## [Task statement]
A verbatim copy of the lines from the one with "this 2352×1568 image." through the final line below is required; print it and nothing else.

(Stored items)
____________

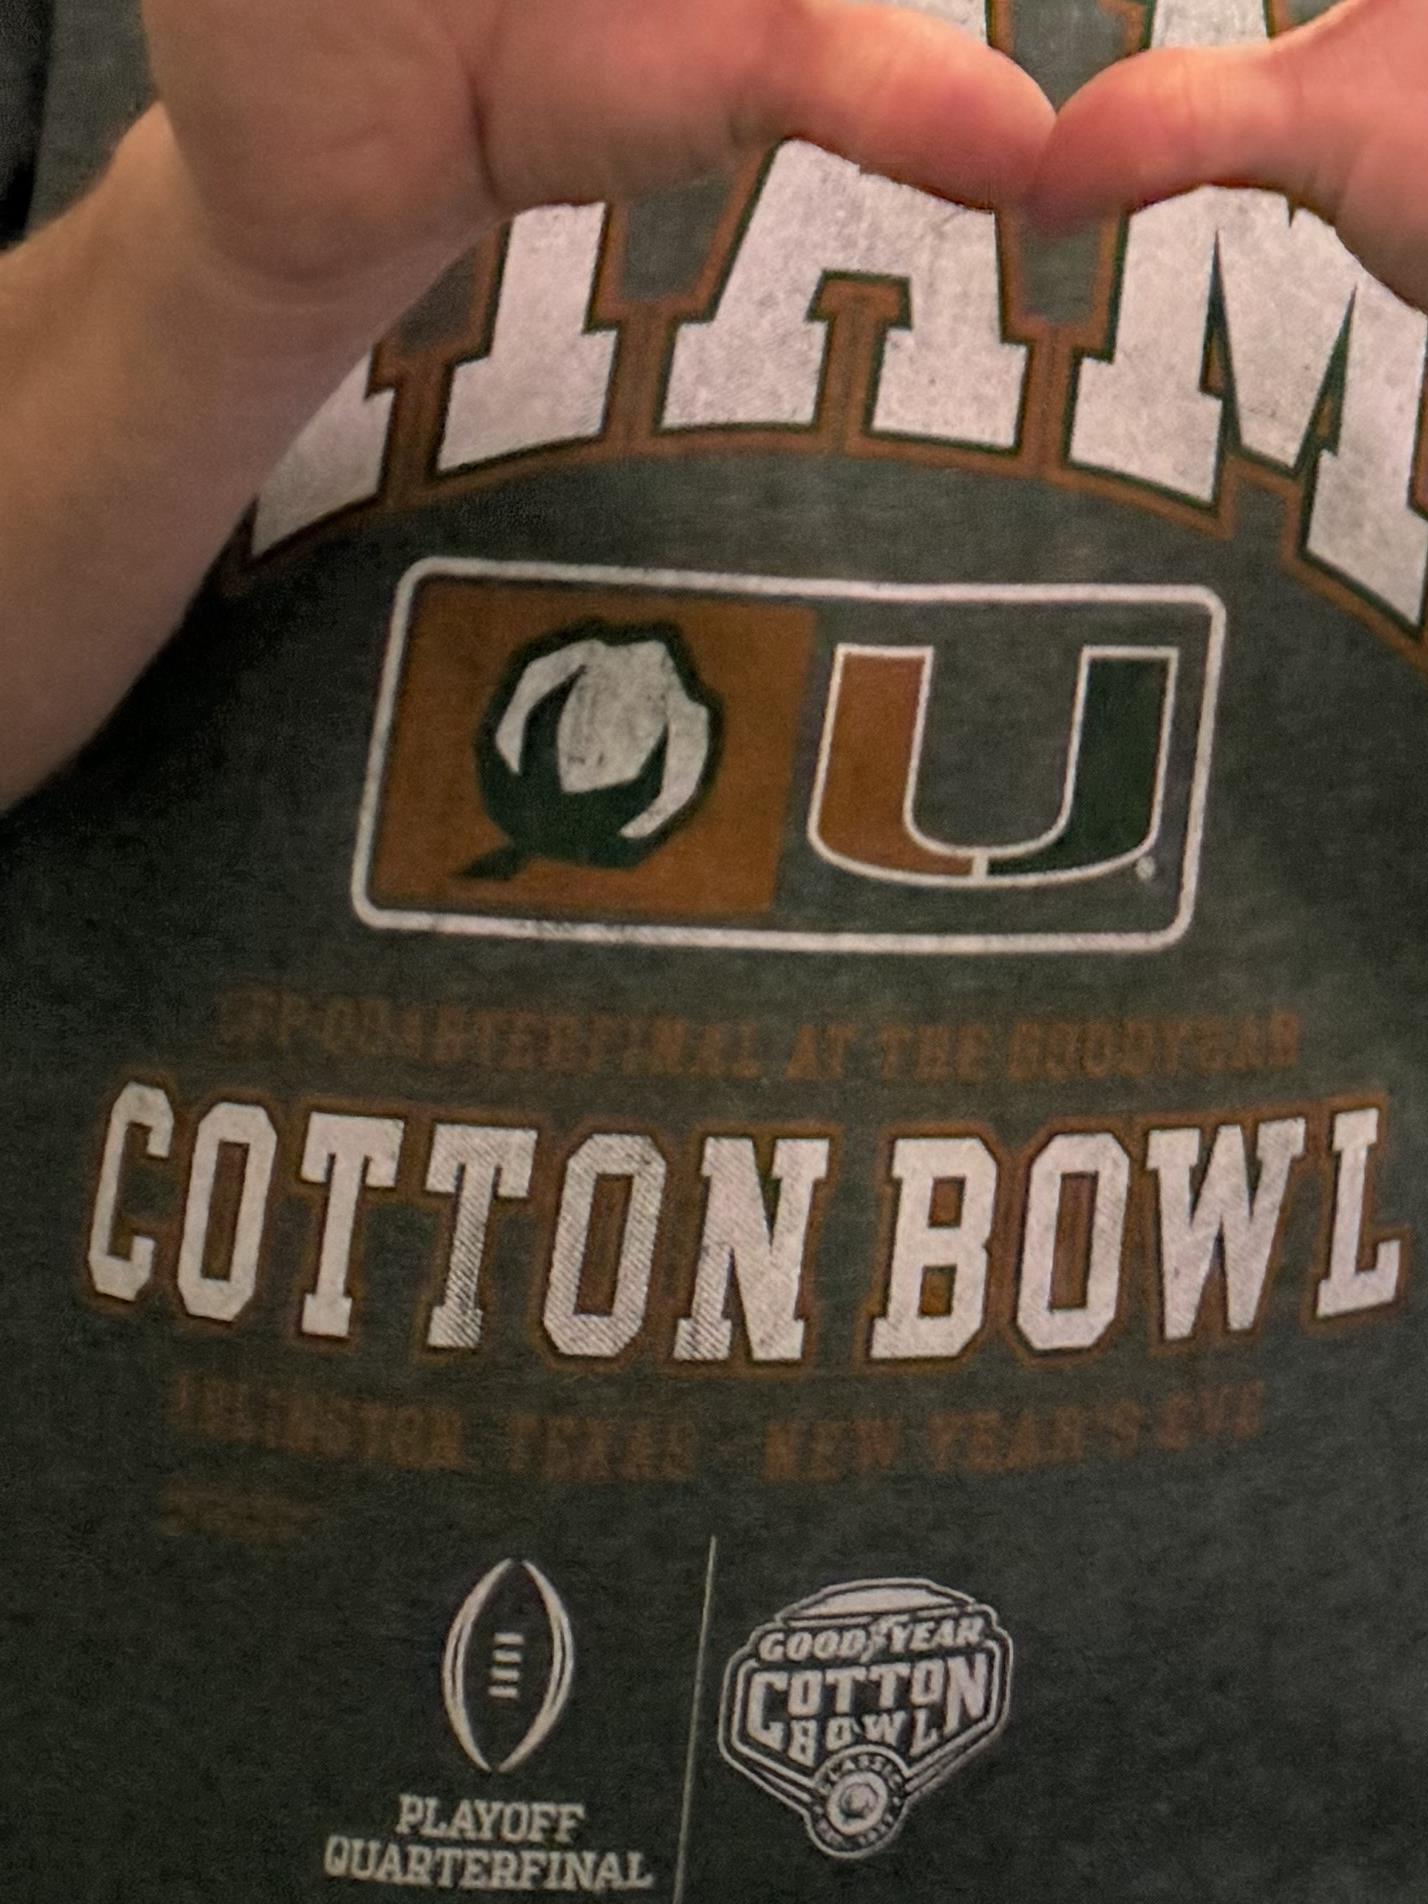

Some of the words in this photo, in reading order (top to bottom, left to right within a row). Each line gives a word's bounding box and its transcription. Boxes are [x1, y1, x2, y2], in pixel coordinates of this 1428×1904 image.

[807, 645, 1180, 886] U
[88, 1080, 830, 1362] COTTON
[869, 1107, 1402, 1360] BOWL
[757, 1616, 986, 1663] GOODYEAR
[747, 1653, 990, 1752] COTTON
[787, 1708, 939, 1768] BOWL
[396, 1793, 587, 1843] PLAYOFF
[323, 1835, 655, 1892] QUARTERFINAL
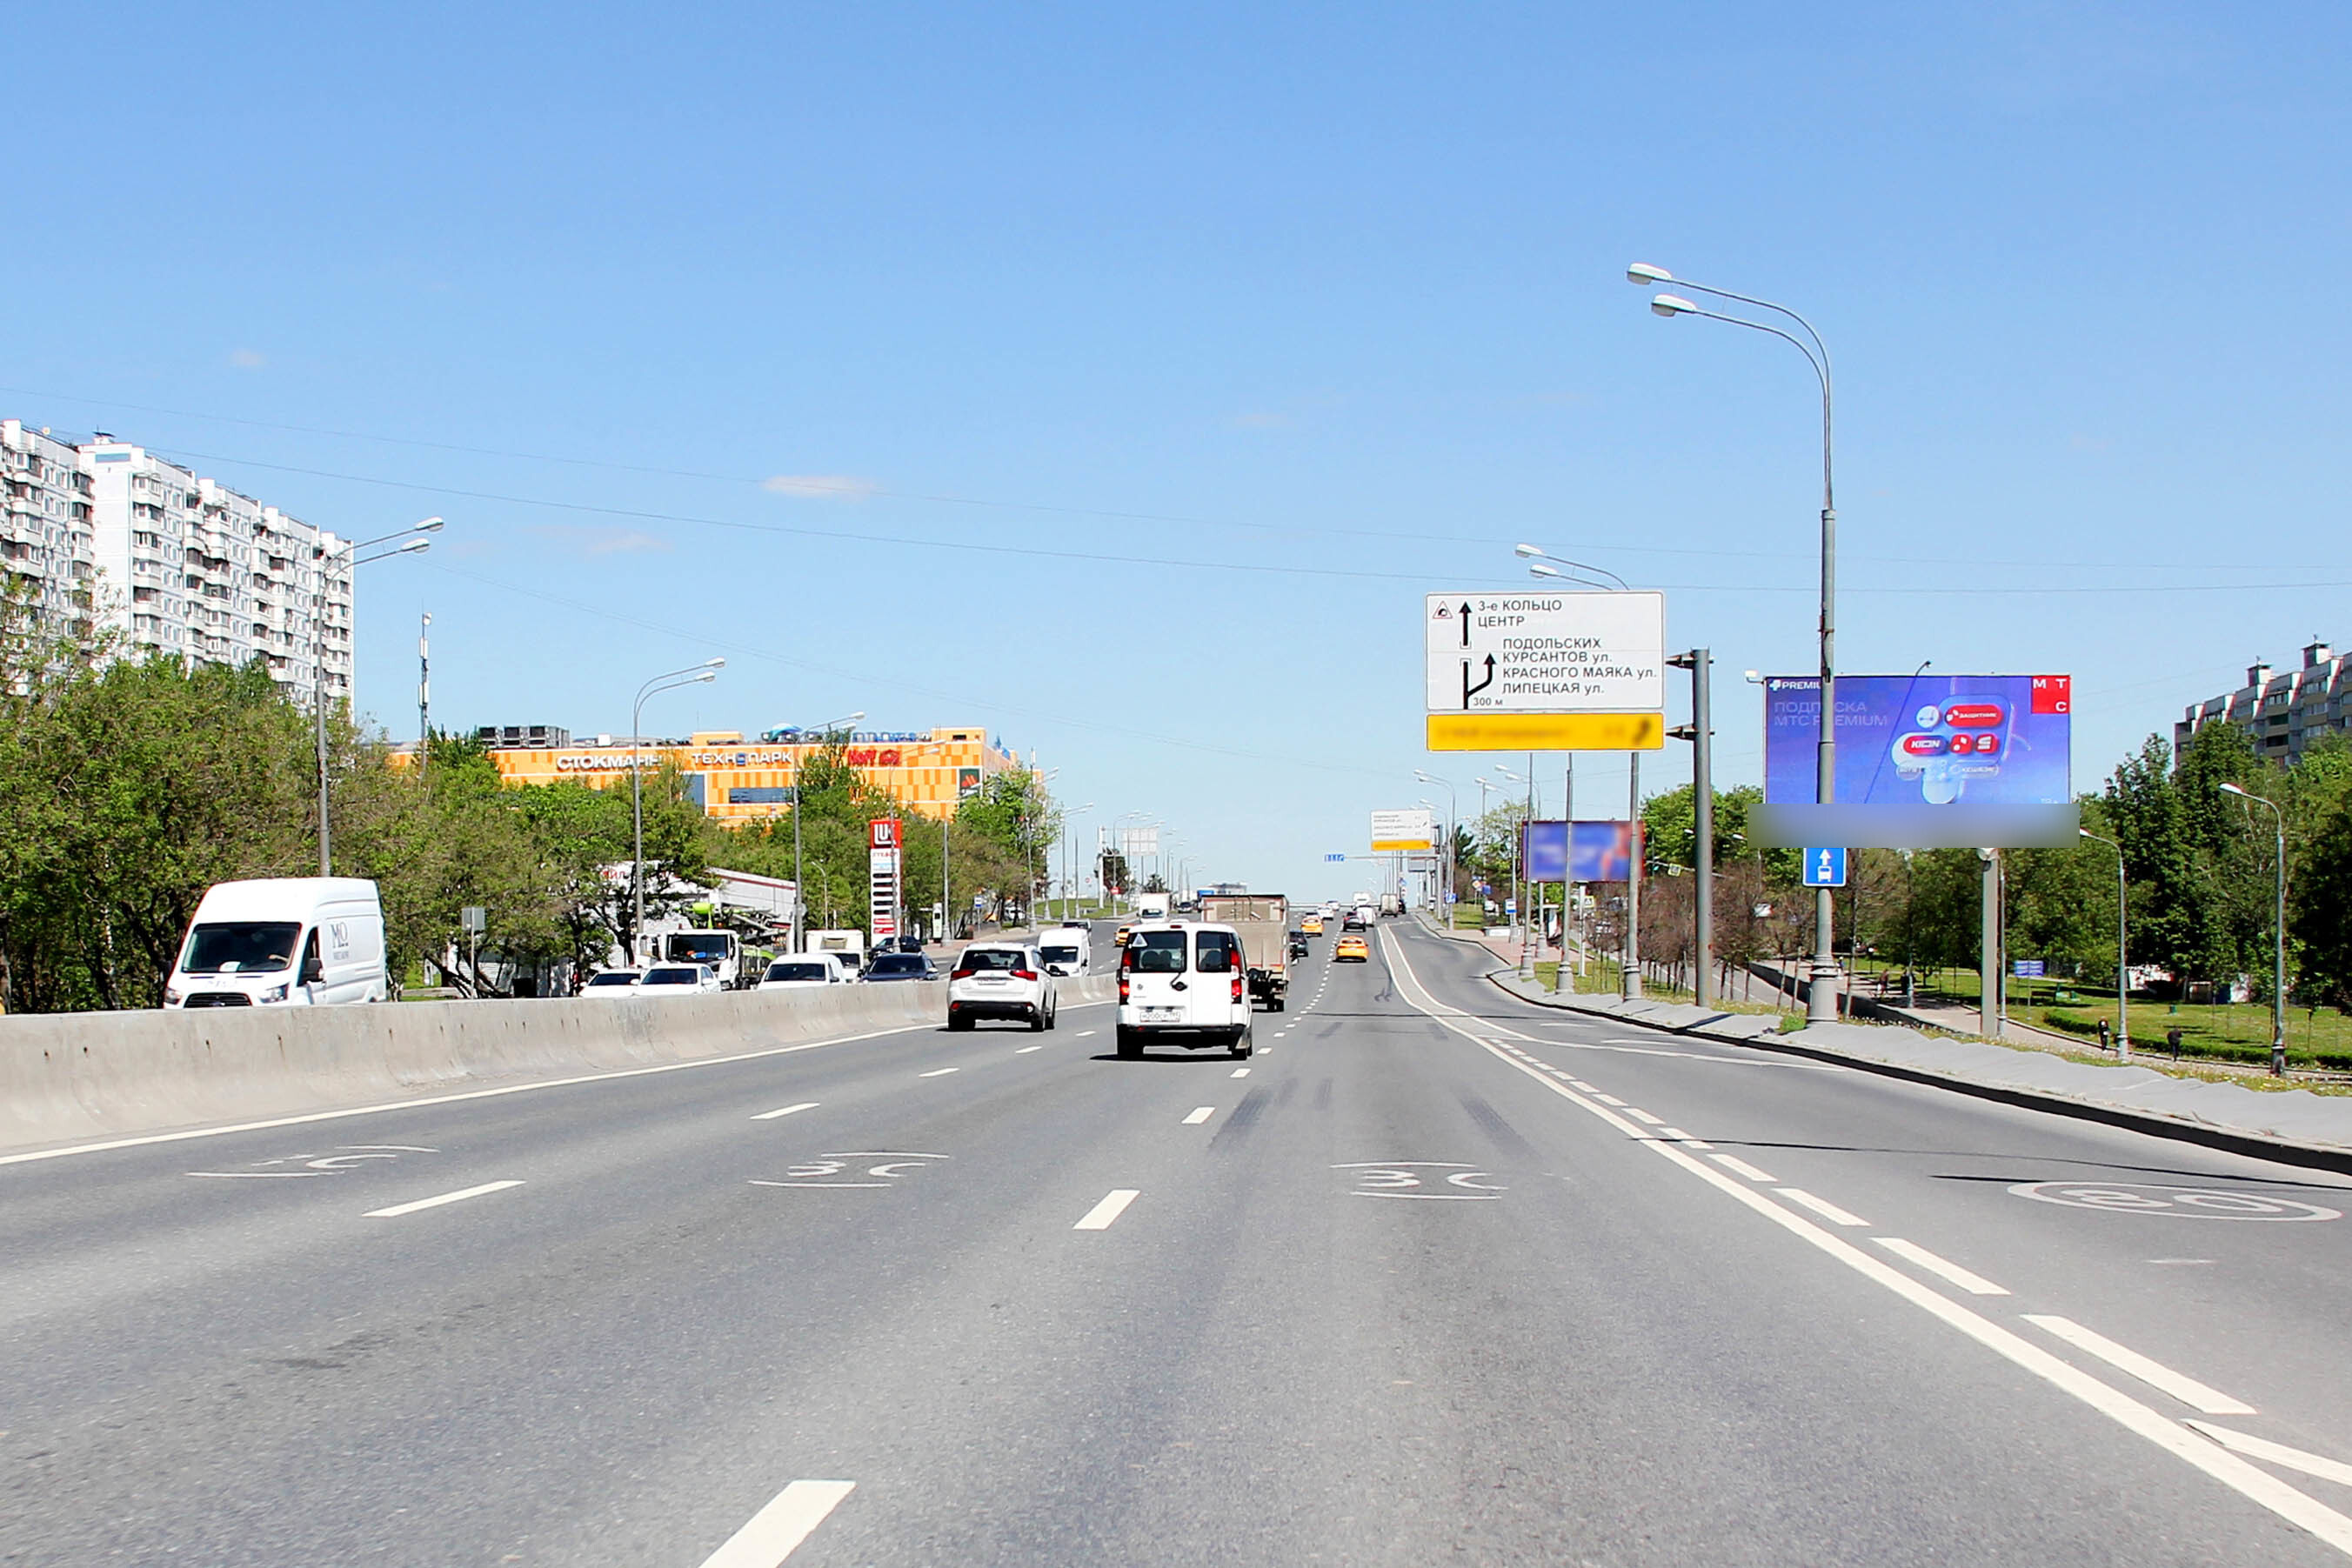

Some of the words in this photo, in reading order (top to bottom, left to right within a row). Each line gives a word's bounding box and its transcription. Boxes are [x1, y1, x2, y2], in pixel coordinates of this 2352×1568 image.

[1479, 600, 1499, 611] 3-е
[1502, 599, 1563, 612] КОЛЬЦО
[1478, 616, 1526, 629] ЦЕНТР
[1502, 637, 1601, 651] ПОДОЛЬСКИХ
[1502, 651, 1588, 663] КУРСАНТОВ
[1592, 654, 1613, 665] ул.
[1502, 666, 1579, 678] КРАСНОГО
[1582, 666, 1634, 678] МАЯКА
[1636, 669, 1657, 681] ул.
[1501, 682, 1580, 695] ЛИПЕЦКАЯ
[1584, 684, 1605, 697] ул.
[1473, 697, 1492, 706] 300
[1774, 701, 1868, 714] ПОДПСКА
[1813, 714, 1888, 727] PEMIUM

____________

## [Exercise response]
Some of the words in this photo, in reading order (top to bottom, left to right within a row). Each line gives a word's bounding box and its transcription. Boxes are [x1, y1, x2, y2], in pixel coordinates of this 2352×1568 image.

[1479, 600, 1499, 611] 3-е
[1502, 599, 1563, 612] КОЛЬЦО
[1478, 616, 1526, 629] ЦЕНТР
[1502, 637, 1601, 651] ПОДОЛЬСКИХ
[1502, 651, 1588, 663] КУРСАНТОВ
[1592, 654, 1613, 665] ул.
[1502, 666, 1579, 678] КРАСНОГО
[1582, 666, 1634, 678] МАЯКА
[1636, 669, 1657, 681] ул.
[1501, 682, 1580, 695] ЛИПЕЦКАЯ
[1584, 684, 1605, 697] ул.
[1473, 697, 1492, 706] 300
[1774, 701, 1868, 714] ПОДПСКА
[1813, 714, 1888, 727] PEMIUM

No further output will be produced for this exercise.